Similarly, and by way of context, it should be recalled that Islamic law (sharia) has many stipulations and extreme limitations on what Christians can and cannot do with their properties. According to the all-important Pact of Omar, in order to safeguard their lives, Christians had to agree to the following:
We shall not build, in our cities or in their neighborhood, new monasteries, Churches, convents, or monks’ cells, nor shall we repair, by day or by night, such of them as fall in ruins or are situated in the quarters of the Muslims…. We shall not build houses overtopping the houses of Muslims [emphasis added].
Thus, the very notion that a Christian was doing something that “distinguished” his roof appears to have been enough to rile and throw a growing mob—which included hijabbed women and children—into a paroxysm of fury.
And, lest there still be any question as to the ultimate source of the hostility, as the mob destroyed and torched Christian property, they could be heard in a video (to be further discussed below) chanting in unison “Allahu Akbar”—Islam’s war cry against kuffar (infidels)—while also demanding the immediate expulsion of all Copts from the village (collective punishment also traces back to the Pact of Omar).
On the one hand, there is nothing really remarkable about this story: extremist Muslim attacks on Christian Copts are a dime a dozen in Egypt. On the other hand, because one Coptic woman managed to record the savage destruction and arson committed by the Muslims, this particular outburst offers documentary evidence that underscores the sheer horror Christians (routinely) experience in Egypt.
The video can be viewed here. (She was ordered by State Security to remove it, which she did; some copies, however, evaded censorship.)
The woman, barricaded in her home, video tapes the mobs from her barred window as they completely thrash, set fire to, and hammer parts of her family’s property.

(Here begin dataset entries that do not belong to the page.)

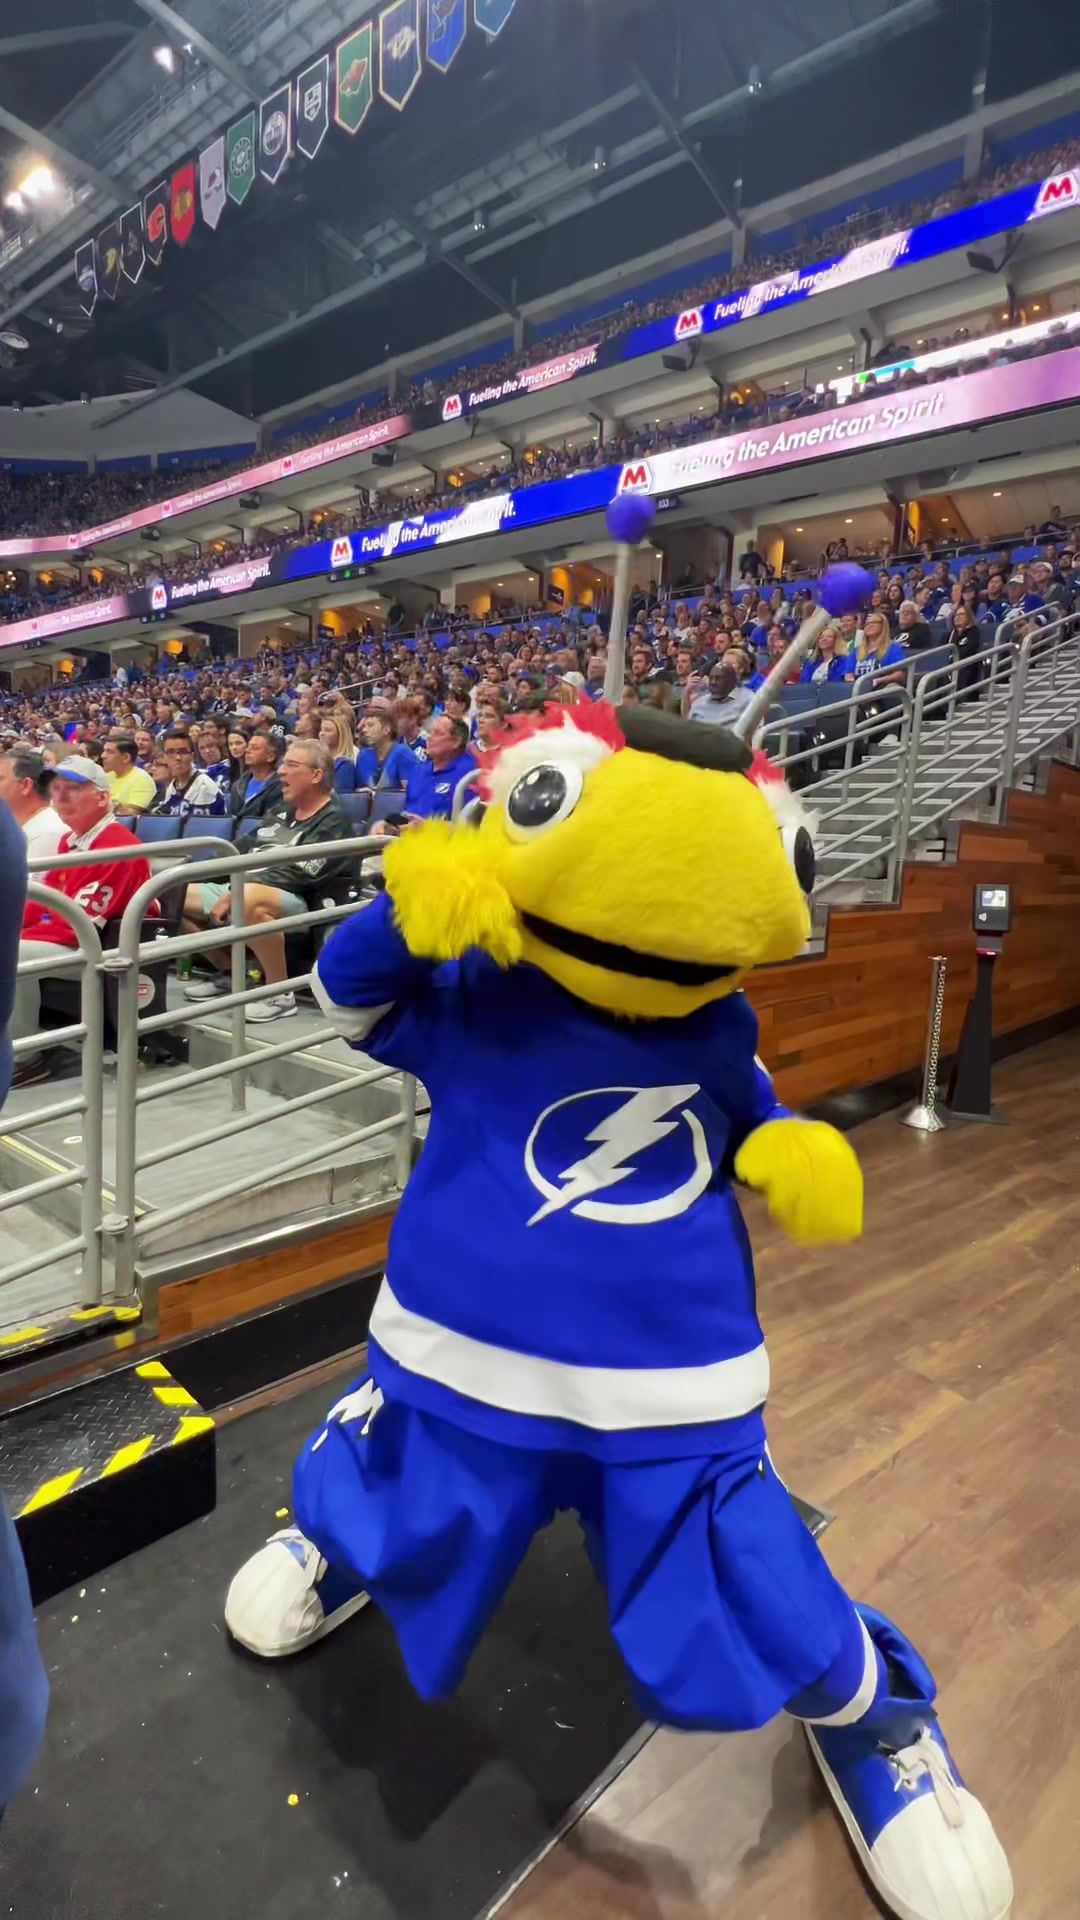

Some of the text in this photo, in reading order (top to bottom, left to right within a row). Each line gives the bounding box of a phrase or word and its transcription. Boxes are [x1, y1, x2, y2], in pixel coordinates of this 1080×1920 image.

[765, 283, 787, 301] the
[469, 386, 501, 406] Fueling
[502, 379, 518, 394] the
[518, 364, 565, 389] American
[738, 438, 769, 462] the
[771, 413, 875, 455] American
[623, 465, 647, 488] M
[401, 524, 418, 543] the
[198, 578, 210, 592] the
[210, 570, 246, 588] American

You can hear the woman say (in Arabic), “Do you see—oh, world! do you see, what they’re doing, and how they behave?”
Soon after that, you can hear her say “Save us! Please save us…. O, save us!”
She also cries out, “O Lord, Lord, Lord—please have mercy [kyri eleison].”
At one point, addressing the Muslim vandals outside her barred window, she says, “Please, please have mercy! We’re going to die, we’re going to die!”
No mercy was offered, just more rage and, as can be heard, a constant chorus of Allahu Akbar!
“Look how they destroyed our whole house—the fence, doors, windows!” she says at one point. When she sees someone tearing and running away with a piece of her property, she cries “Thieves … thieves! Where’s the government? What government?!”
As usual, the mobs were given amble time to vent their rage before the authorities and firefighters responded.
At the end of the recording, it seems that the mobs finally break into her home and assault her and/or other family members—at which point she starts screaming and crying hysterically.
The video abruptly ends soon thereafter.
Such are the routine experiences of Christians in Muslim-ruled Egypt.